Zelinski also has joint appointments in the Psychology Department, Neurosciences and the Study of Women and Men in Society (SWMS) Programs. She is the principal investigator of the Long Beach Longitudinal Study.[2] This study evaluates cognition, memory and language comprehension in older adults as well as the relationship between peoples' perceptions of their memory ability and their actual performance, and how these change as people grow old.[3]
She graduated summa cum laude from Pace University and received her graduate degrees in psychology, with a specialization in aging, from the University of Southern California. Zelinski was a postdoctoral fellow at Claremont Graduate School. She also served as the Interim Dean of the USC Davis School of Gerontology.[4]
Zelinski developed the first comprehensive standardized questionnaire of self-reported memory to determine whether people's beliefs about their memory are echoed in their objective performance. The questionnaire, the Memory Functioning Questionnaire (MFQ), has modest concurrent validity with respect to memory performance and is a better predictor of performance than responses to a yes/no question about memory problems, as commonly used in medical history-taking. Correlates of memory ratings include age, memory performance, depression, health ratings, education, and personality, and these findings translate across my comprehensive longitudinal study of aging (the Long Beach Longitudinal Study) and a nationally representative sample of older adults. Changes in ratings up to 19 years after baseline measurement are modestly associated with increasing age as well as declining objective performance. The MFQ has been used in samples of older adults throughout the United States and other countries. Questionnaires similar to it are in wide use today.

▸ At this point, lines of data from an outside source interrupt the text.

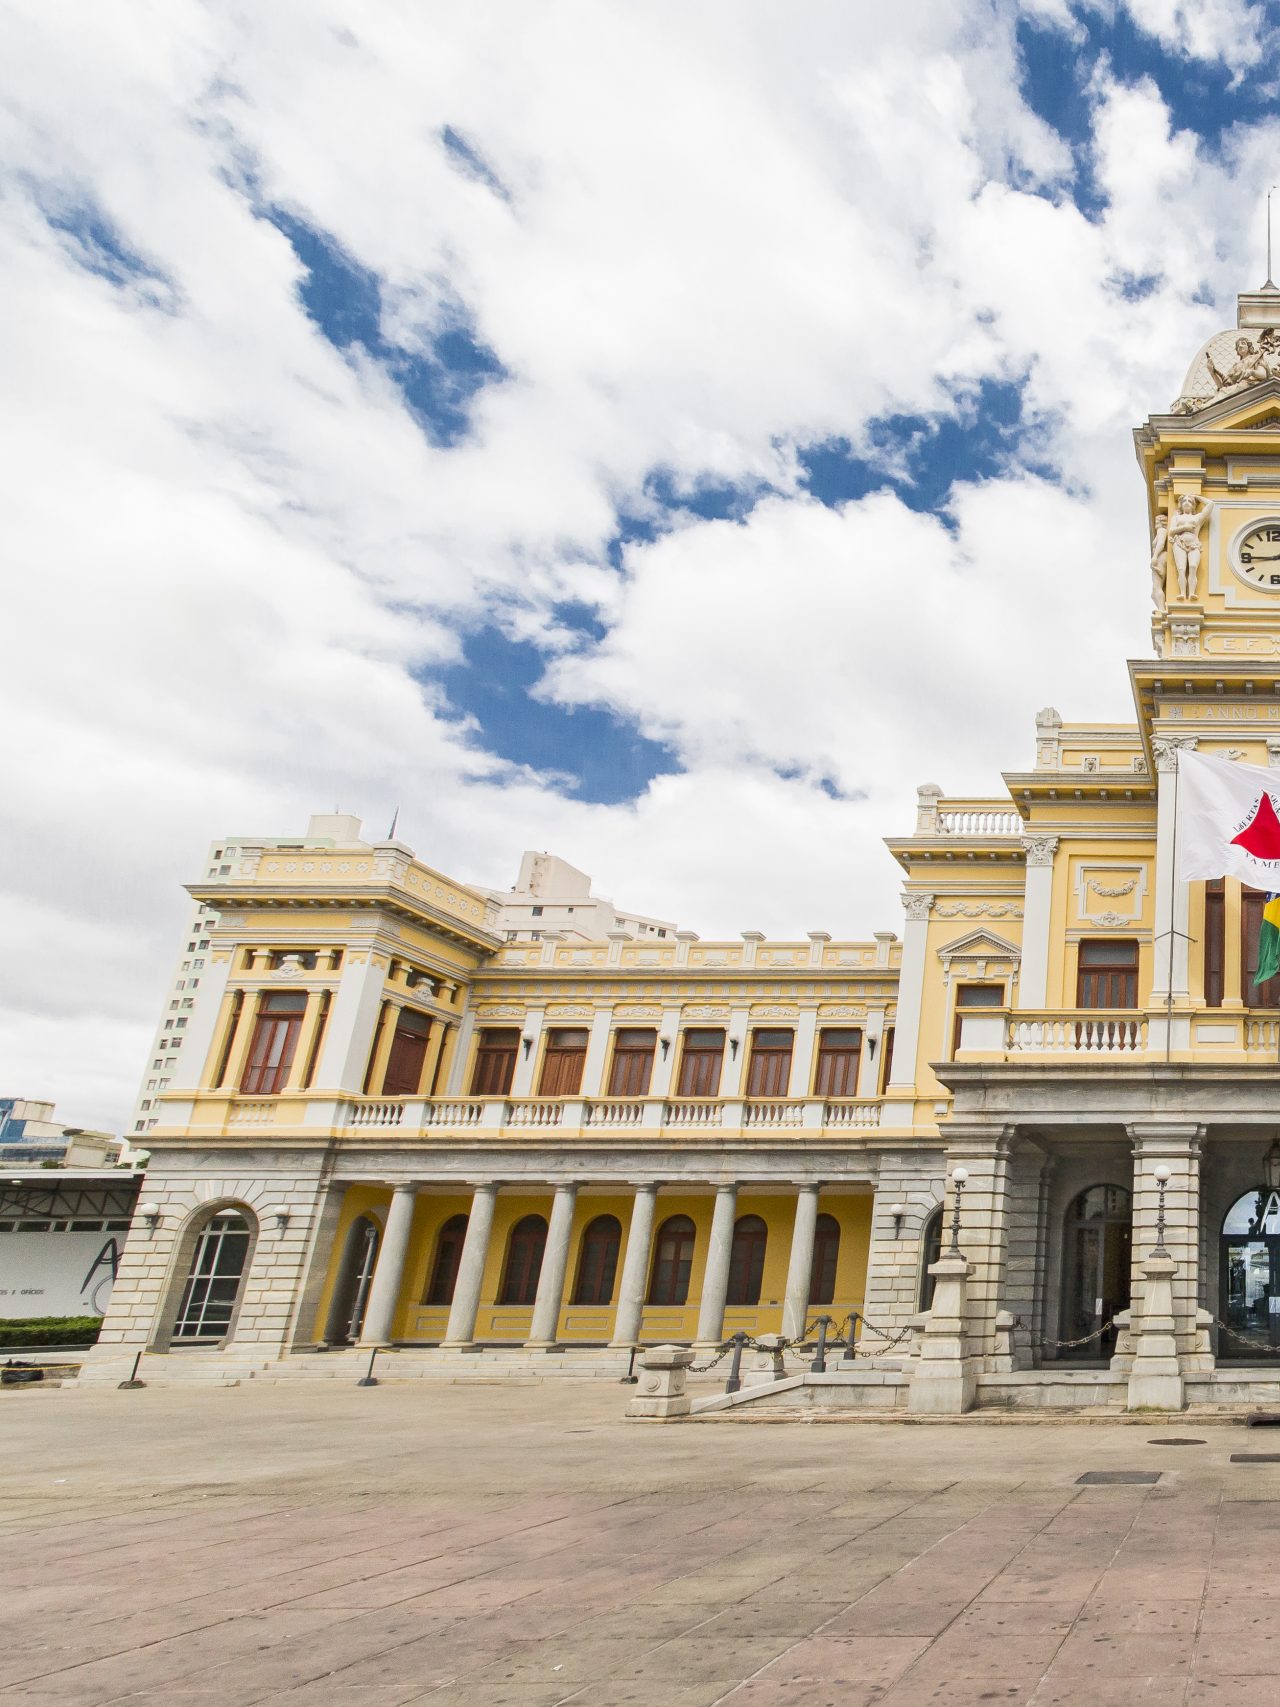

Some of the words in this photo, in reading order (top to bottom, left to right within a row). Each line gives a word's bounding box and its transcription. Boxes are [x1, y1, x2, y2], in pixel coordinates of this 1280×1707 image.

[1241, 552, 1252, 564] 9
[1270, 574, 1280, 585] 6
[1204, 706, 1257, 719] ANNO
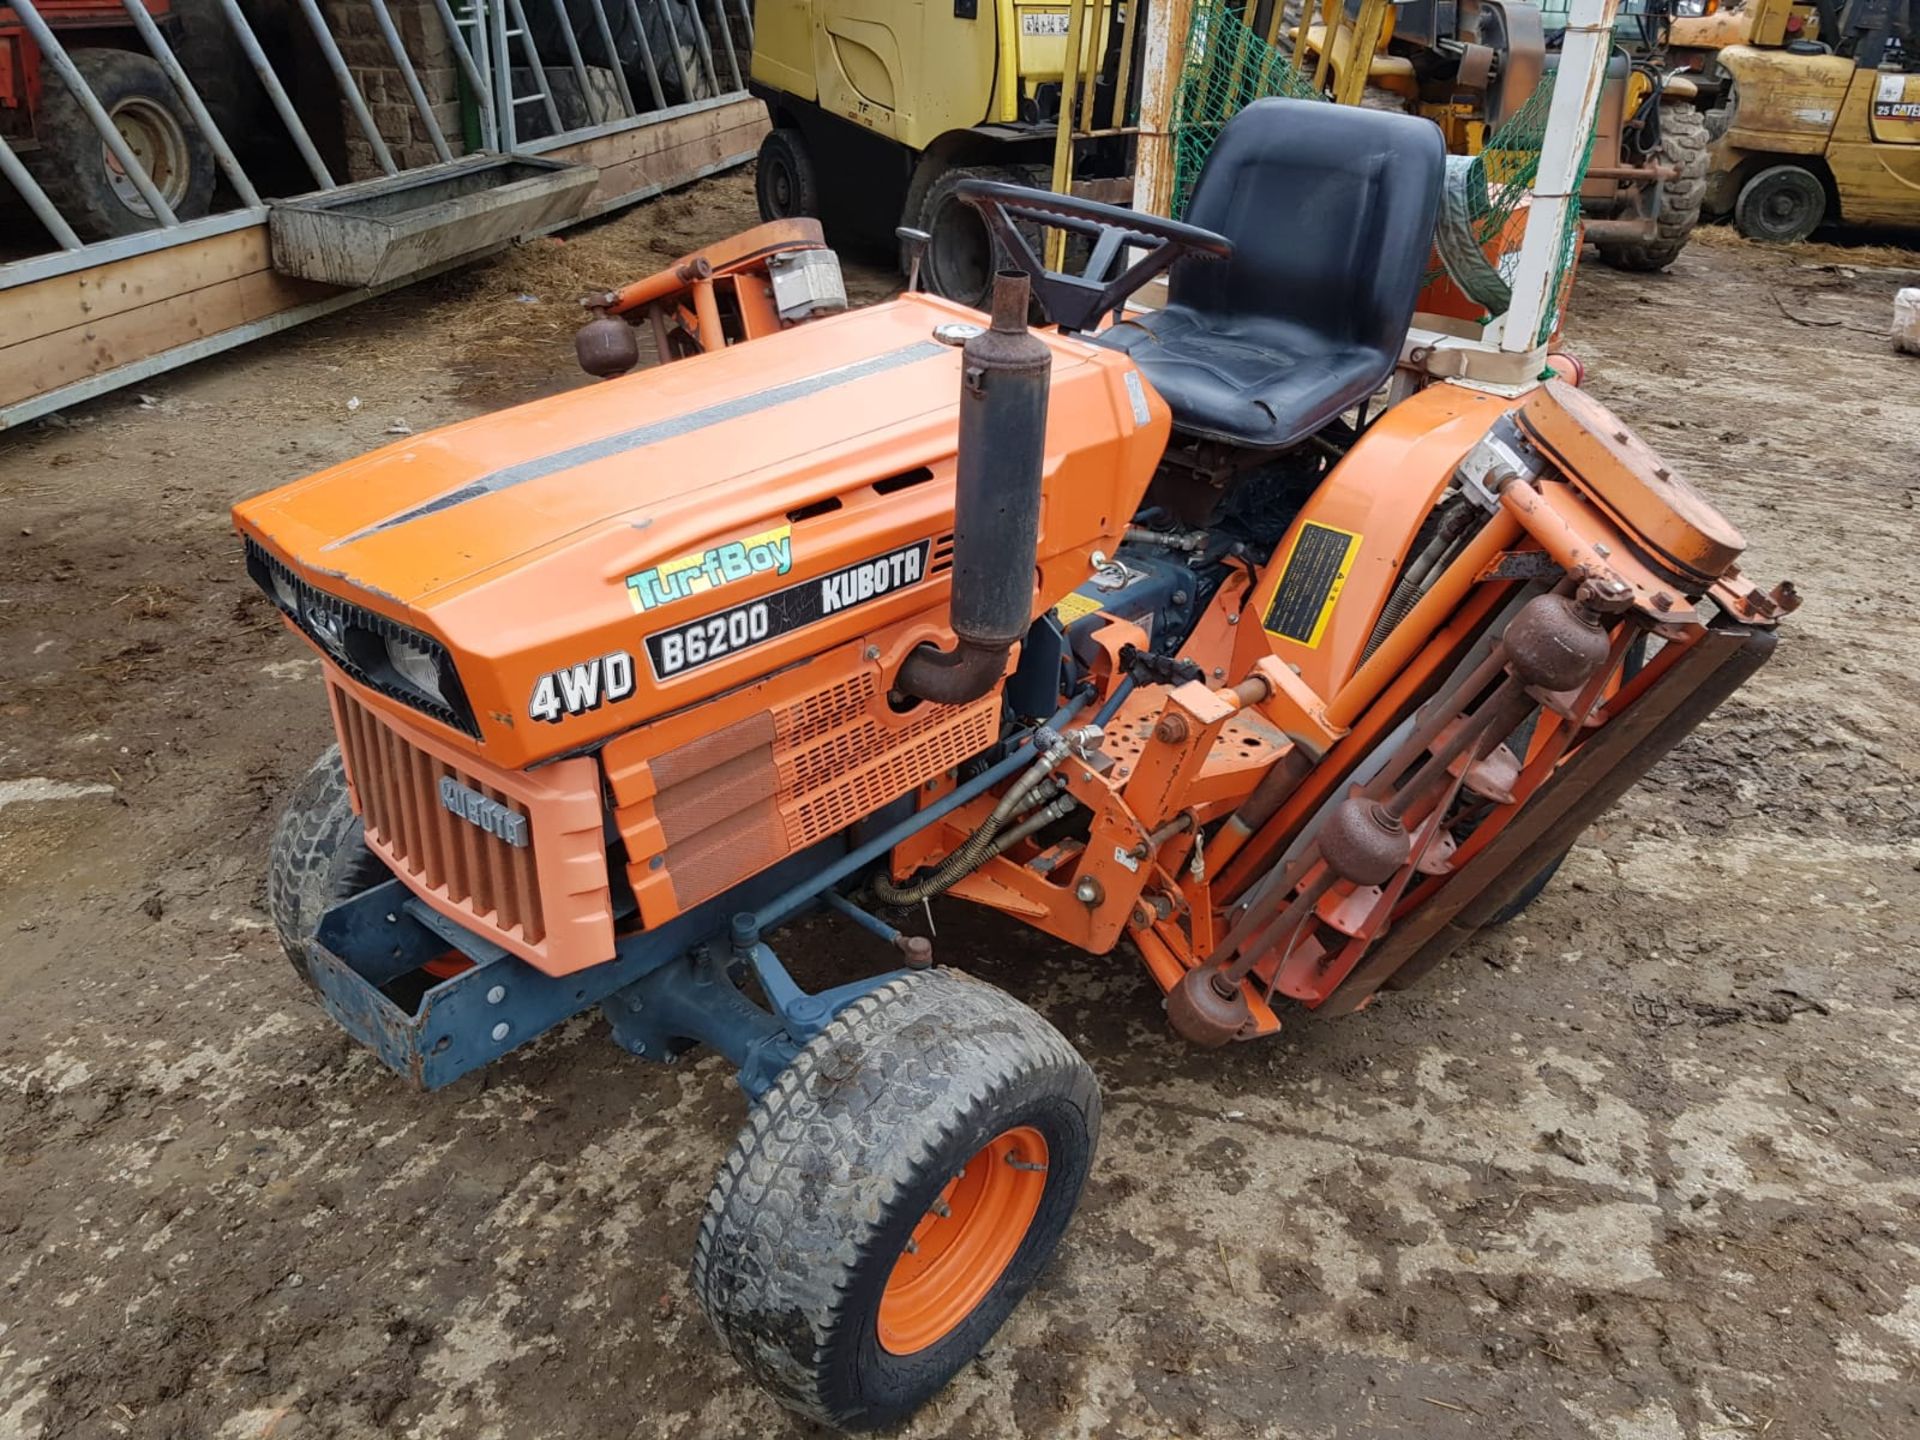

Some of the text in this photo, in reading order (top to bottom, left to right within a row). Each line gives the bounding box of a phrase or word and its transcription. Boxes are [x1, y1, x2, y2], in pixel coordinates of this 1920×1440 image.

[1877, 105, 1890, 116] 25
[625, 534, 792, 611] TurfBoy
[661, 546, 922, 674] B6200 KUBOTA
[529, 649, 636, 724] 4WD
[440, 775, 528, 848] KUBOTA
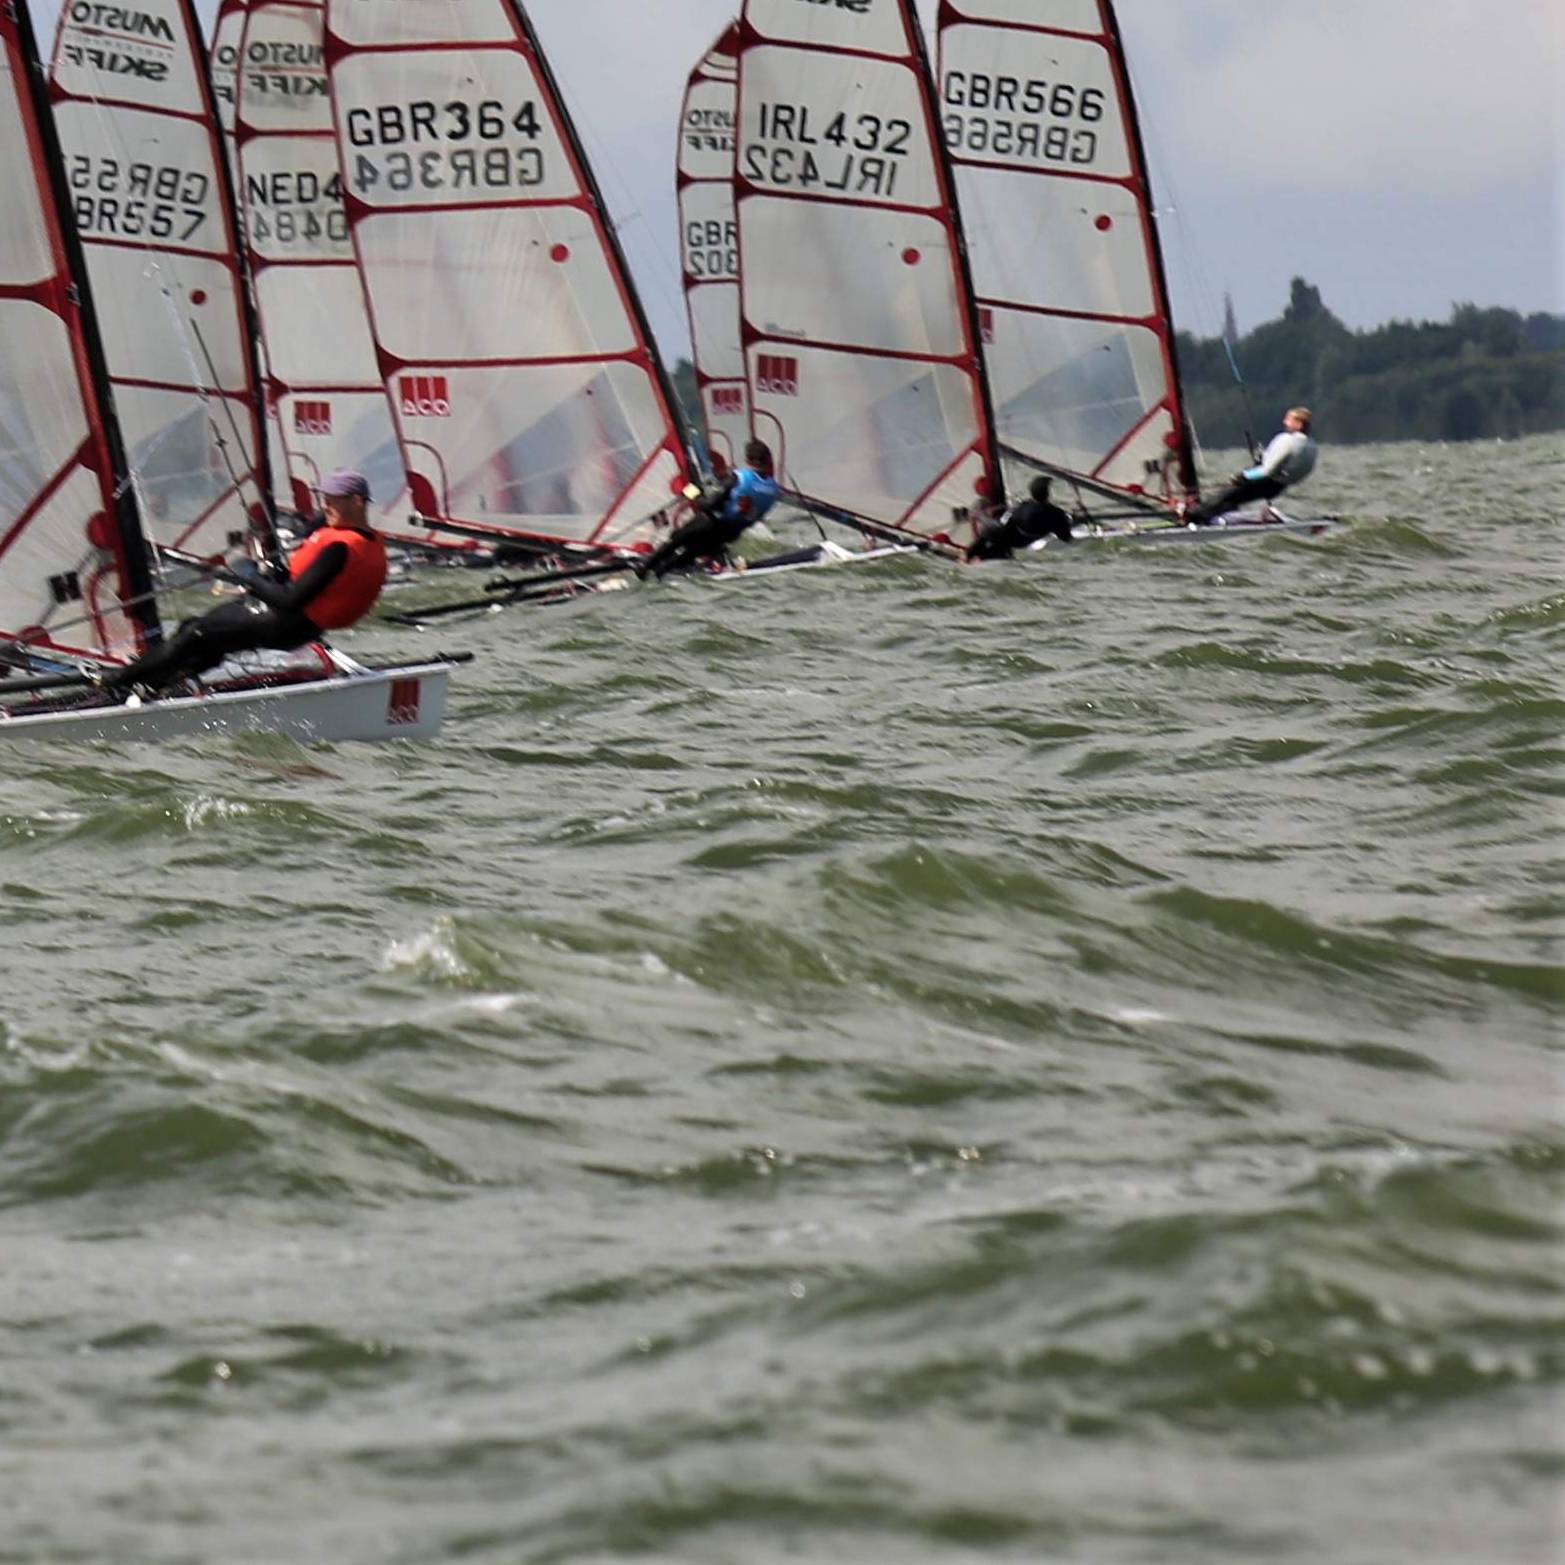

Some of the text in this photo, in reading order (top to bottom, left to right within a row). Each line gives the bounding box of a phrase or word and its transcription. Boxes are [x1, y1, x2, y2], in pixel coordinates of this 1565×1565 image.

About 25% of the American population over the age of 70 rate their memory abilities as fair or poor. Many older adults are concerned about developing dementia, and recent findings of brain plasticity throughout life have created much interest in brain training to improve cognition. Zelinski's current work shows that cognitive interventions involving repeated practice of simple cognitive skills are effective for improving cognitive abilities of healthy elderly. This is important for alleviating older peoples’ concerns about declines, but may help them to remain independent longer, a major goal of reducing the economic and psychological costs of care for an aging population. She has given many interviews on the subject of cognitive training and gerontechnology, including the popular video game Brain Age.[5][6][7][8][9][10][11]